In 2015 my wife and I came to the conclusion that the healthcare industrial complex would not willingly change their ways so we started building up our HSA. At the end of 2016, I asked our insurance company if they would offer me a lower rate. They declined and we chose to drop our health insurance. The markets are working, the customer has spoken, and our health policies are dysfunctional. Although we are nervous about our choice, we think we can do a better job managing our health care than the healthcare industrial complex. It is amazing how fast the money builds up when you divert your old health insurance premium amount into a savings account. I am mildly optimistic we can get better health care advice for non-emergency room treatments if we tell our health care providers that we are a cash customer. Every month we get by without a cancer diagnosis makes us a little more confident we made the right decision. If the insurance companies want us back all they have to do is show us an affordable health insurance plan!

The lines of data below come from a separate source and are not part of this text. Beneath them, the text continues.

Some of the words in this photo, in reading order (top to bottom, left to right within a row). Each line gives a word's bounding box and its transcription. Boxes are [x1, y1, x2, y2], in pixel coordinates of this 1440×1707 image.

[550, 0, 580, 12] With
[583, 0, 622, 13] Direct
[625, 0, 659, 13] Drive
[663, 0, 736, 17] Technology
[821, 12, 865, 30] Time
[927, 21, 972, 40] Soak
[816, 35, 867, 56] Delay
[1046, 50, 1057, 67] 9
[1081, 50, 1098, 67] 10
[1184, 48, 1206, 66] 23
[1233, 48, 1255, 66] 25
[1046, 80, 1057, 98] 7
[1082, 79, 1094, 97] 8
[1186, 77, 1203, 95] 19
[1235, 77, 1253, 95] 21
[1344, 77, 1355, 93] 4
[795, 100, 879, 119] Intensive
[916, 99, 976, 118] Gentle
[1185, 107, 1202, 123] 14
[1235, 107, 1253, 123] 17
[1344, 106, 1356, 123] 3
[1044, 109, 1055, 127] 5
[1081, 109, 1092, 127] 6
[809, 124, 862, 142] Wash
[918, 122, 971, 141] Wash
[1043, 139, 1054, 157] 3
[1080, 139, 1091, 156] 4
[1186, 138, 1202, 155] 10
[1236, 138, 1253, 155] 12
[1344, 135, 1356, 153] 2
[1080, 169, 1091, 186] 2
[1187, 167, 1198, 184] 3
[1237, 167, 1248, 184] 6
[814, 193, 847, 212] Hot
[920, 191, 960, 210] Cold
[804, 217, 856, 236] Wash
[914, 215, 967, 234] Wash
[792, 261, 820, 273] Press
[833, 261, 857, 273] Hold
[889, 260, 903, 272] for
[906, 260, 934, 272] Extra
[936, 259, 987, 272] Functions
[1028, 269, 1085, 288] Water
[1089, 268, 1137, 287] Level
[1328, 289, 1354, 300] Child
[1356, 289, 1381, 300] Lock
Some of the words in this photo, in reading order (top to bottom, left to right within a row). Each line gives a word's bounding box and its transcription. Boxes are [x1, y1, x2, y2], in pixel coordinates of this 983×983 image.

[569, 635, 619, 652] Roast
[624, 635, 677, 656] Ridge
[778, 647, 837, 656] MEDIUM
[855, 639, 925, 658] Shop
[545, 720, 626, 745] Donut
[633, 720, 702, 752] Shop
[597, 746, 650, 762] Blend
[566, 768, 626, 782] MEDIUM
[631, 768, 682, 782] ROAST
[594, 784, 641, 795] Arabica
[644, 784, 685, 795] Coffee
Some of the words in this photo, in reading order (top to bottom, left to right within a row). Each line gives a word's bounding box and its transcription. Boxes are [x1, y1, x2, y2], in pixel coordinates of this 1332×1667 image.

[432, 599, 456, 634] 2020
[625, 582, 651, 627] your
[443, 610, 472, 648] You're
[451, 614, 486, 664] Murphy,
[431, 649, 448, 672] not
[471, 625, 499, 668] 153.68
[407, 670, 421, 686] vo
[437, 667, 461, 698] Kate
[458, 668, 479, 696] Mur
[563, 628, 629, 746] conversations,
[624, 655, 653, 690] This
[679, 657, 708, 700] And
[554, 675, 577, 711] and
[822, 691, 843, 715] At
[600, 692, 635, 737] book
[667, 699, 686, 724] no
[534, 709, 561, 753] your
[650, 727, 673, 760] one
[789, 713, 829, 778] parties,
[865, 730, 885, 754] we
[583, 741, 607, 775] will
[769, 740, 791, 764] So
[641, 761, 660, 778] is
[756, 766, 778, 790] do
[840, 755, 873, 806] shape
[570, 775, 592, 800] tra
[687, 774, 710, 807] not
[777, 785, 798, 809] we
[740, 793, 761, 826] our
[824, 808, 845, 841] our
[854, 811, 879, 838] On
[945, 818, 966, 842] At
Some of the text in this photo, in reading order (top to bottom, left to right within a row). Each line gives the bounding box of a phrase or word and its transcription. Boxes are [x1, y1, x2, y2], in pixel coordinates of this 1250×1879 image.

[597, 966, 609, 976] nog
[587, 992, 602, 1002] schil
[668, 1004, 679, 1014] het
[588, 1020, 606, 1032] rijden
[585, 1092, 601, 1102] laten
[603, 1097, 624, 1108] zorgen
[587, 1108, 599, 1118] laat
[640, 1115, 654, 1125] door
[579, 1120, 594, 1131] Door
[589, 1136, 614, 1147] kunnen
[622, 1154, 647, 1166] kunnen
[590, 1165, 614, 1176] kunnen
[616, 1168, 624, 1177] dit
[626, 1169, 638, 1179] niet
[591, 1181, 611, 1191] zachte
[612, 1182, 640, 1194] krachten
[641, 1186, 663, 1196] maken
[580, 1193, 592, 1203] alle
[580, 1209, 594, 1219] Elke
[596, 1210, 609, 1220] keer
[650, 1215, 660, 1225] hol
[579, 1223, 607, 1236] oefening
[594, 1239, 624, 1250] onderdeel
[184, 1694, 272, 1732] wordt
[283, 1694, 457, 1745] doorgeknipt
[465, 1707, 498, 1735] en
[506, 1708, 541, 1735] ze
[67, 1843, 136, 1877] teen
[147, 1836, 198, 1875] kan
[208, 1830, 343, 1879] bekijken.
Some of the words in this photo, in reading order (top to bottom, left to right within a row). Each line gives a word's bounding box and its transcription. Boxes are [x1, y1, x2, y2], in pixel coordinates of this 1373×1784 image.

In retrospect, we are a lot more comfortable with our decision now than when we started. We stuck to the plan and our emergency funds are in better shape. We are confident enough about our health that I am not sure an “affordable” health insurance plan could lure us back in. The only healthcare benefit we wish we had was the ability to add more money to our Health Savings Account.
The greatest failure of the Affordable Care Act(ACA) was its unwillingness to control health care costs. In retrospect, the ACA looks more like cronyism than meaningful health care reform. For the last eight years the hospitals, doctors, drug companies, and insurance have worked with government officials to make health care more unaffordable. In this case, I find myself agreeing with my friends on the left and the Ohio Academy of Family Physicians who said:
On August 13, the Ohio Academy of Family Physicians voted to support Issue 2, the Drug Price Relief Act, because we know something must be done so that Ohioans can afford and have access to needed medications. This initiated statute is far from perfect, simplistic, and flawed in many respects, and may not be the best approach for addressing high drug costs. But, because of the inaction of state and federal lawmakers, it is all we have. By supporting this issue, we hope to send a message to legislators—the exorbitant cost of medications and the negative impact those costs have on patients must be addressed.